--- WHAT TO WORK ON ---
Every line from the one with "this 1250×1874 image." to the end of the entries, both included, is to be copied exactly; the other lines stay out.

--- INFORMATION SUPPLIED ---

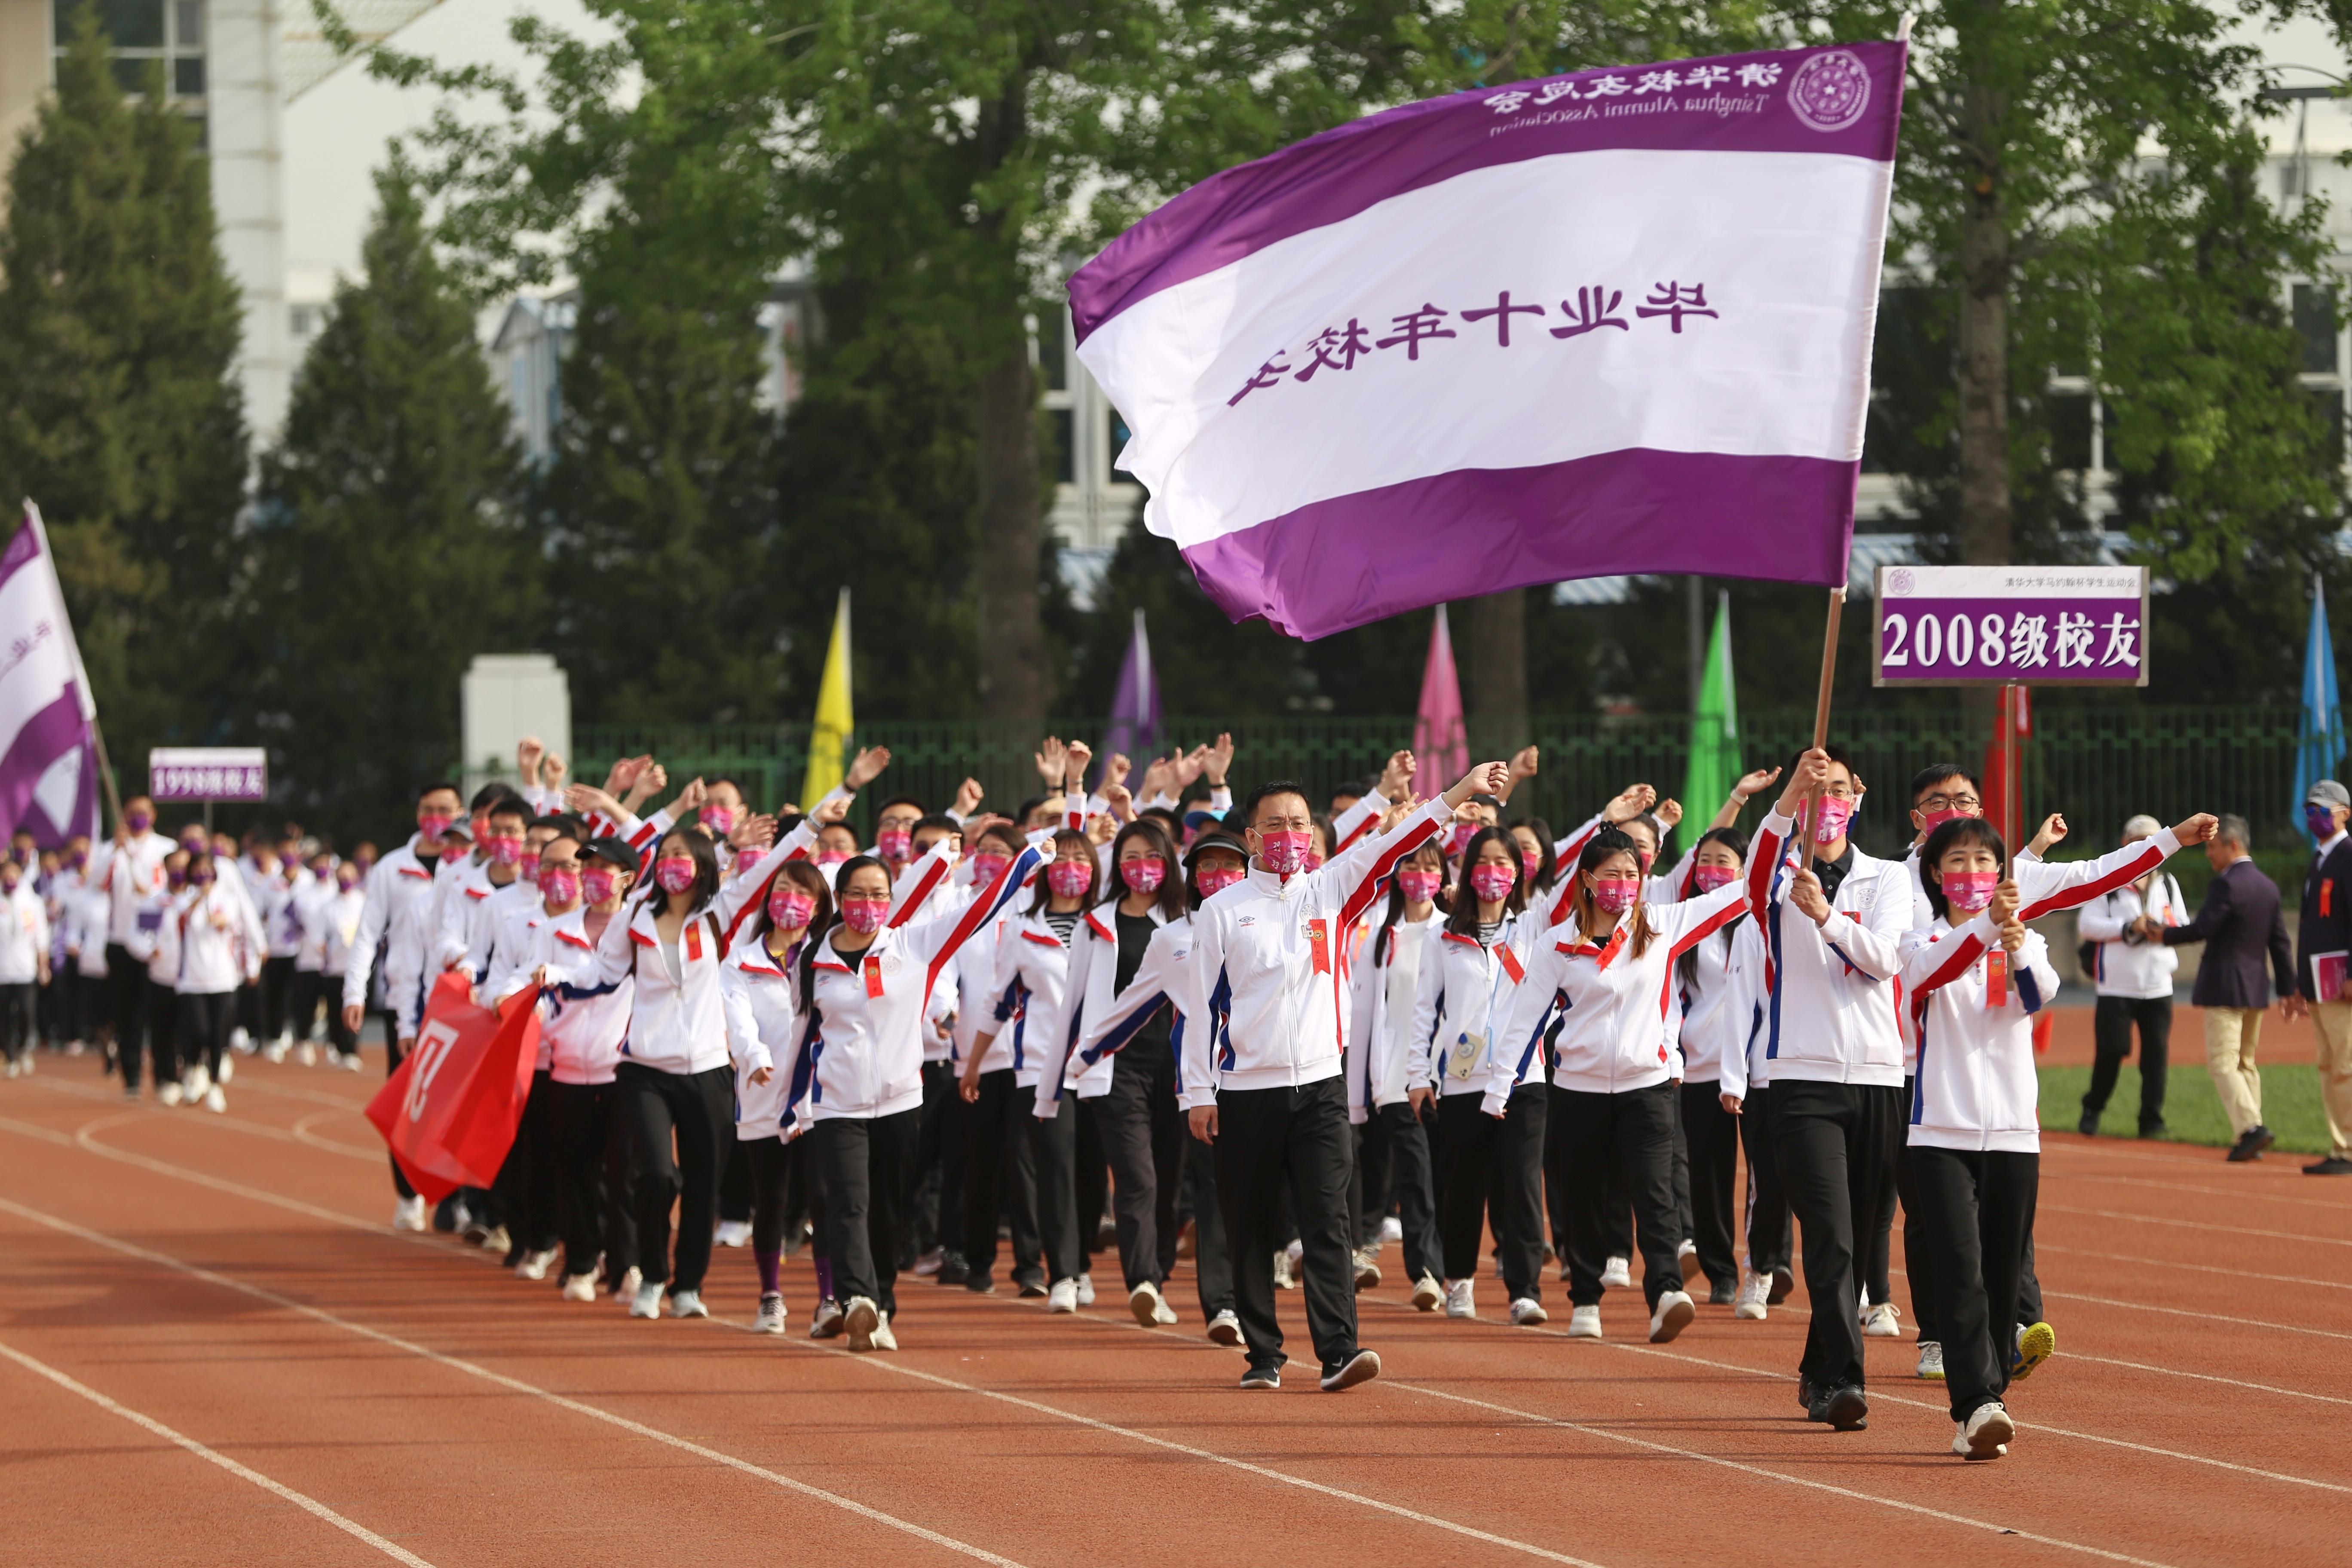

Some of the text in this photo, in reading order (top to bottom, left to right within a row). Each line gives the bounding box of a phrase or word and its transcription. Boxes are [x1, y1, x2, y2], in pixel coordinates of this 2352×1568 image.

[2005, 577, 2137, 588] 清华大学马约翰杯学生运动会
[1882, 612, 2141, 669] 2008级校友
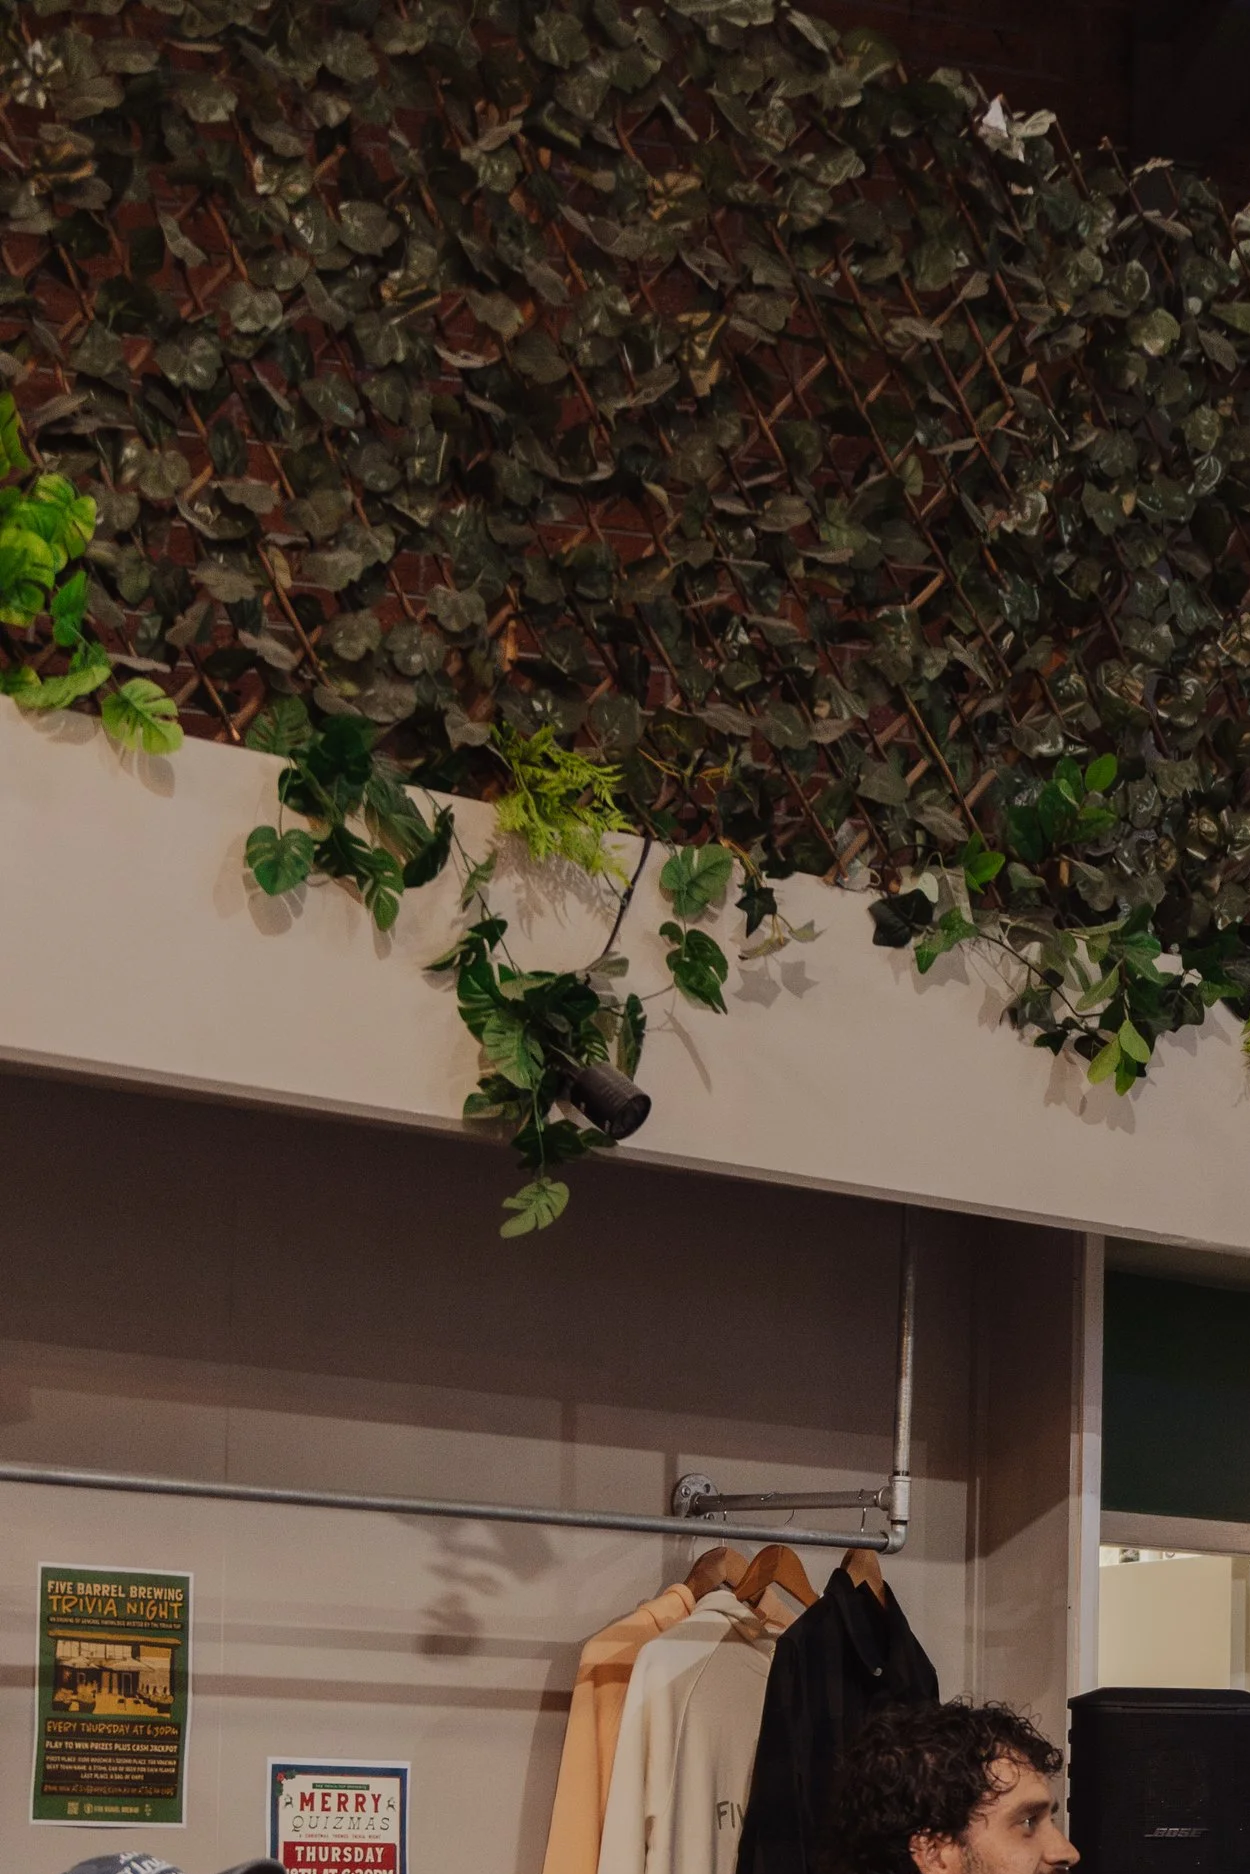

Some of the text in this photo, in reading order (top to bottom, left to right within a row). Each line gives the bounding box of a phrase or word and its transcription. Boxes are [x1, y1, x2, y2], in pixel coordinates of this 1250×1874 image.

[47, 1580, 184, 1601] FIVE BARREL BREWING
[48, 1595, 183, 1621] TRIVIA NIGHT
[46, 1720, 77, 1733] EVERY
[80, 1722, 129, 1735] THURSDAY
[132, 1725, 144, 1735] AT
[46, 1741, 178, 1754] PLAY TO WIN PRIZES PLUS CASH JACKPOT
[299, 1790, 383, 1814] MERRY
[291, 1814, 391, 1833] QUIZMAS
[1144, 1827, 1208, 1838] BOSE
[295, 1845, 385, 1863] THURSDAY

--- REPLY ---
Some of the text in this photo, in reading order (top to bottom, left to right within a row). Each line gives the bounding box of a phrase or word and its transcription. Boxes are [x1, y1, x2, y2], in pixel coordinates of this 1250×1874 image.

[47, 1580, 184, 1601] FIVE BARREL BREWING
[48, 1595, 183, 1621] TRIVIA NIGHT
[46, 1720, 77, 1733] EVERY
[80, 1722, 129, 1735] THURSDAY
[132, 1725, 144, 1735] AT
[46, 1741, 178, 1754] PLAY TO WIN PRIZES PLUS CASH JACKPOT
[299, 1790, 383, 1814] MERRY
[291, 1814, 391, 1833] QUIZMAS
[1144, 1827, 1208, 1838] BOSE
[295, 1845, 385, 1863] THURSDAY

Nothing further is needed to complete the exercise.